(Beginning of PROVIDED DATA)

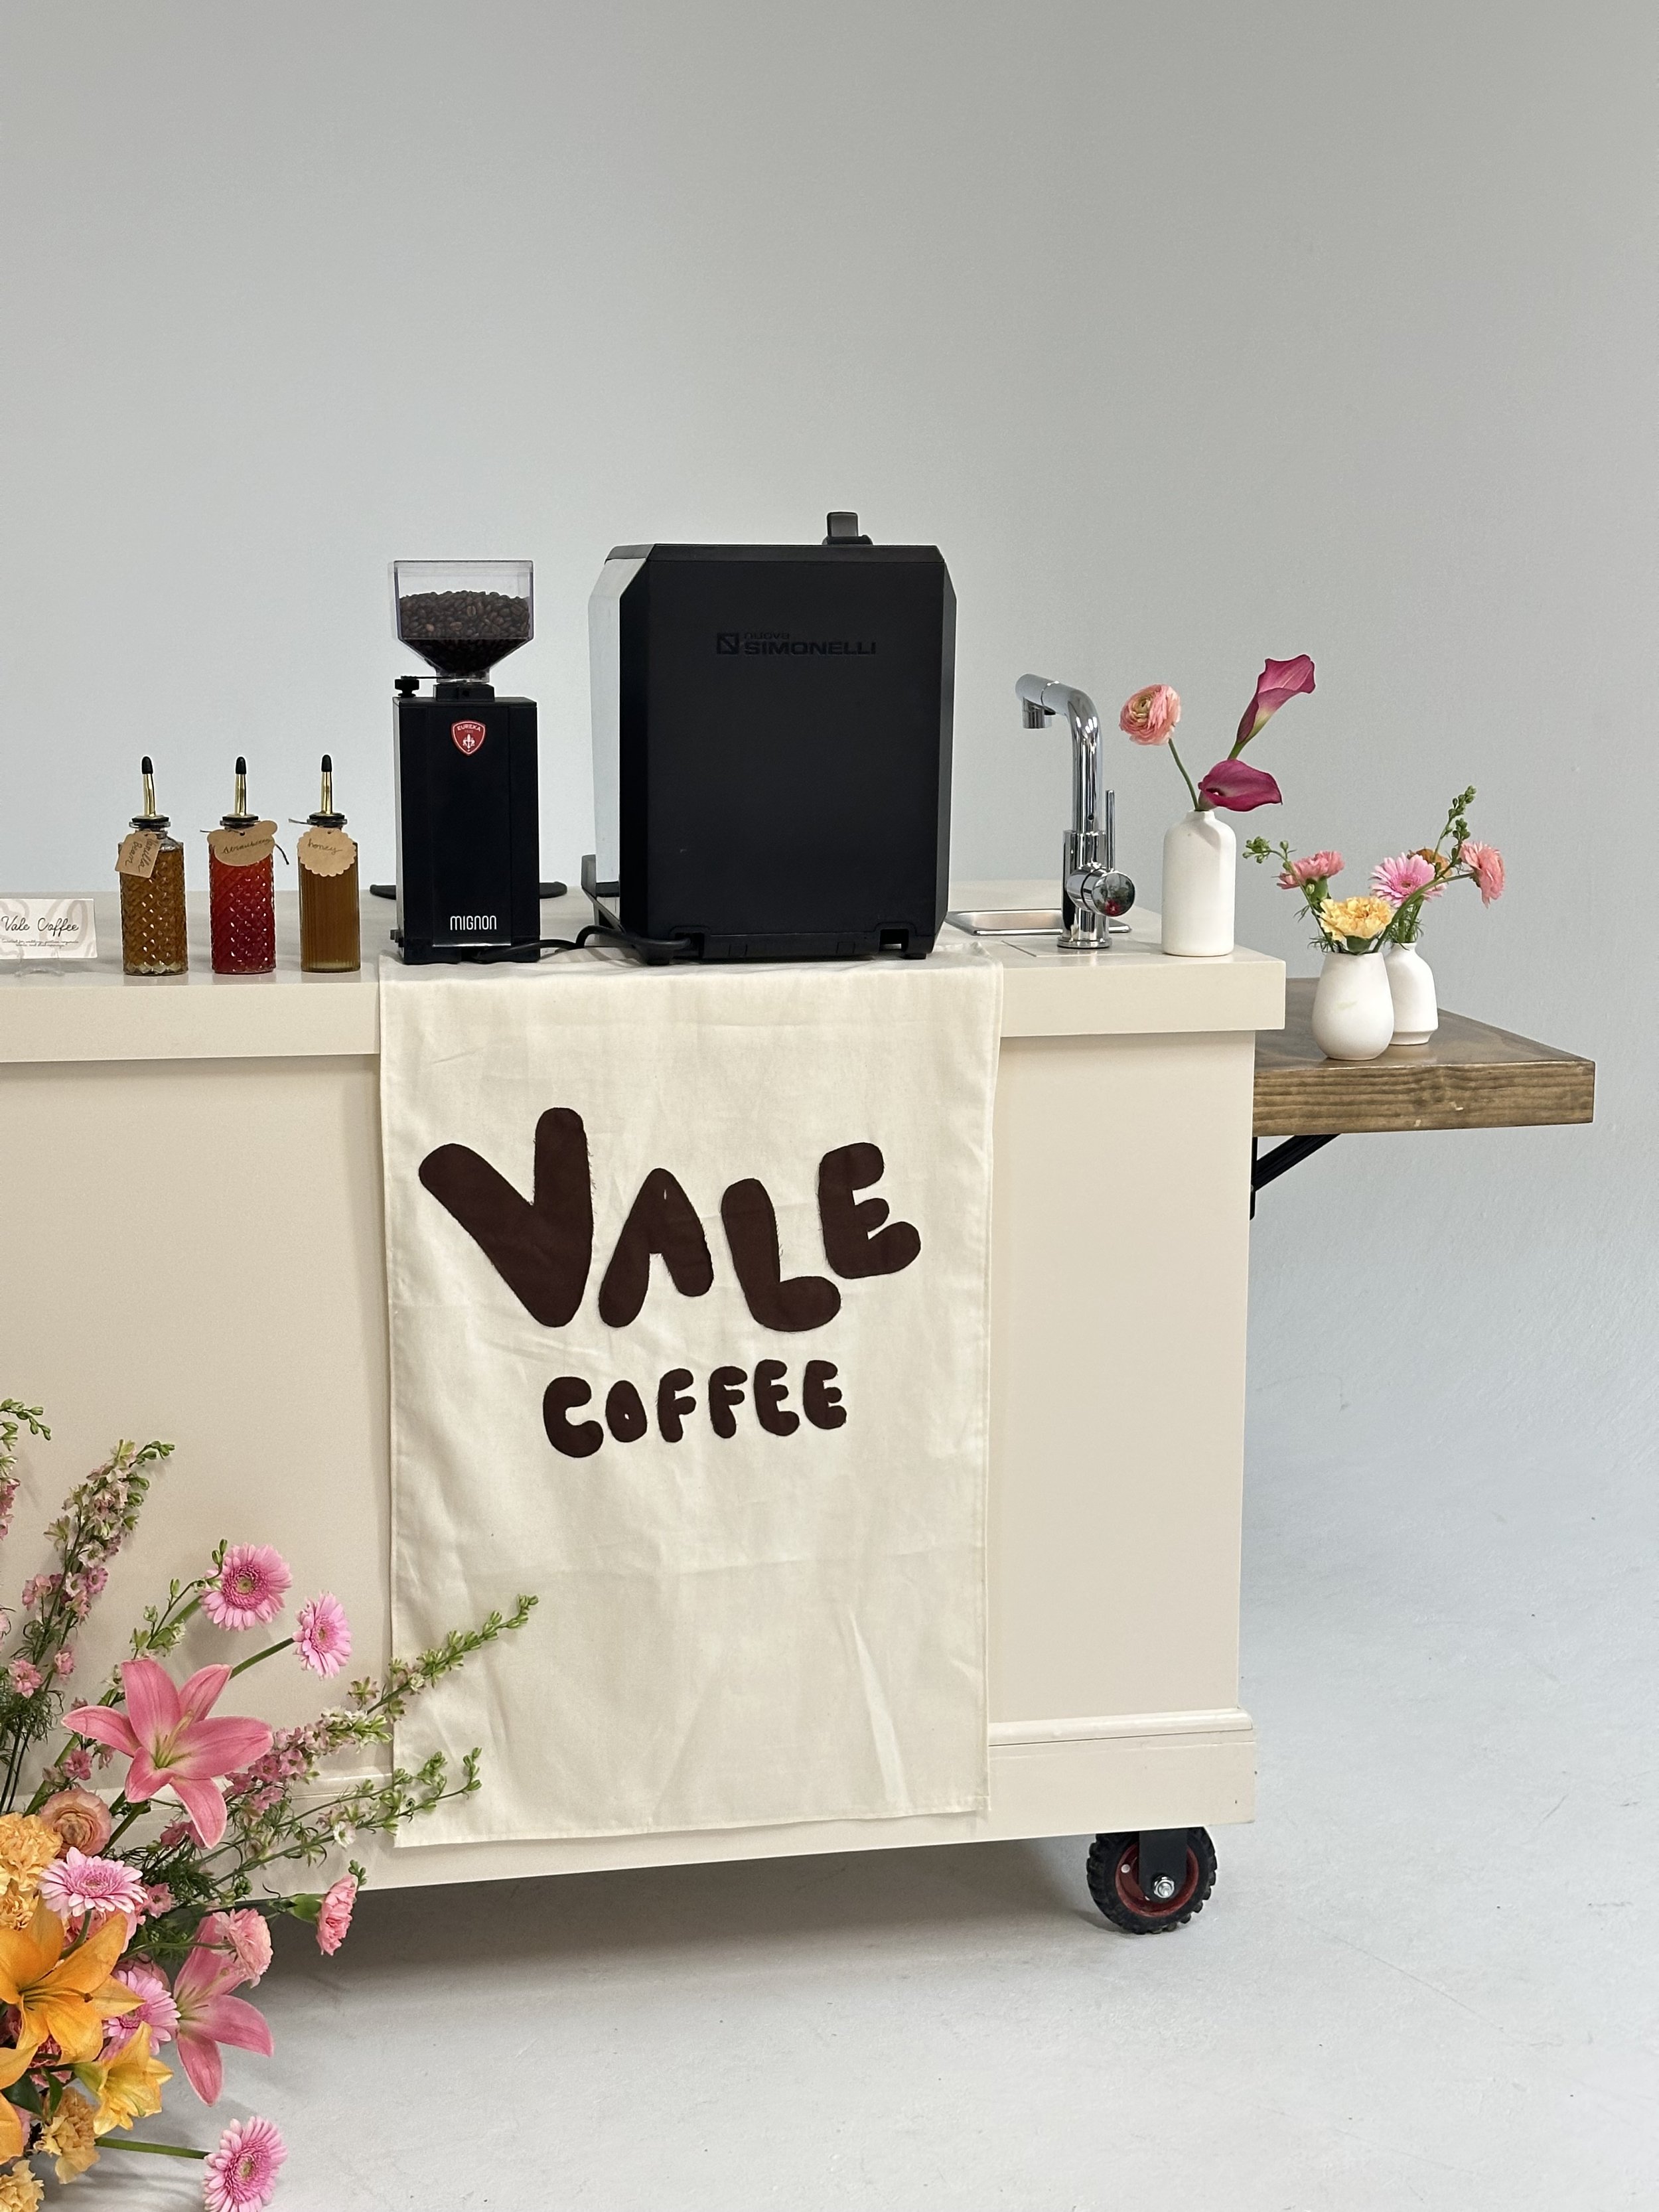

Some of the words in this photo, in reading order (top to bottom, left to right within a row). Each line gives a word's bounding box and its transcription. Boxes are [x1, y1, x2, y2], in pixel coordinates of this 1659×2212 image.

[744, 641, 877, 655] SIMONELLI
[125, 841, 143, 866] Bean
[137, 839, 159, 873] Vanilla
[308, 838, 342, 855] honey
[1, 915, 31, 931] Vale
[37, 917, 79, 937] Coffee
[450, 915, 497, 930] MIGNON
[419, 1106, 922, 1332] VALE
[543, 1359, 847, 1458] COFFEE

(End of PROVIDED DATA)

> [WORK TO COMPLETE]: A faithful copy of the records above is needed, with the pictures left out.

> [EXERCISE SOLUTION]:
Some of the words in this photo, in reading order (top to bottom, left to right within a row). Each line gives a word's bounding box and its transcription. Boxes are [x1, y1, x2, y2], in pixel coordinates of this 1659×2212 image.

[744, 641, 877, 655] SIMONELLI
[125, 841, 143, 866] Bean
[137, 839, 159, 873] Vanilla
[308, 838, 342, 855] honey
[1, 915, 31, 931] Vale
[37, 917, 79, 937] Coffee
[450, 915, 497, 930] MIGNON
[419, 1106, 922, 1332] VALE
[543, 1359, 847, 1458] COFFEE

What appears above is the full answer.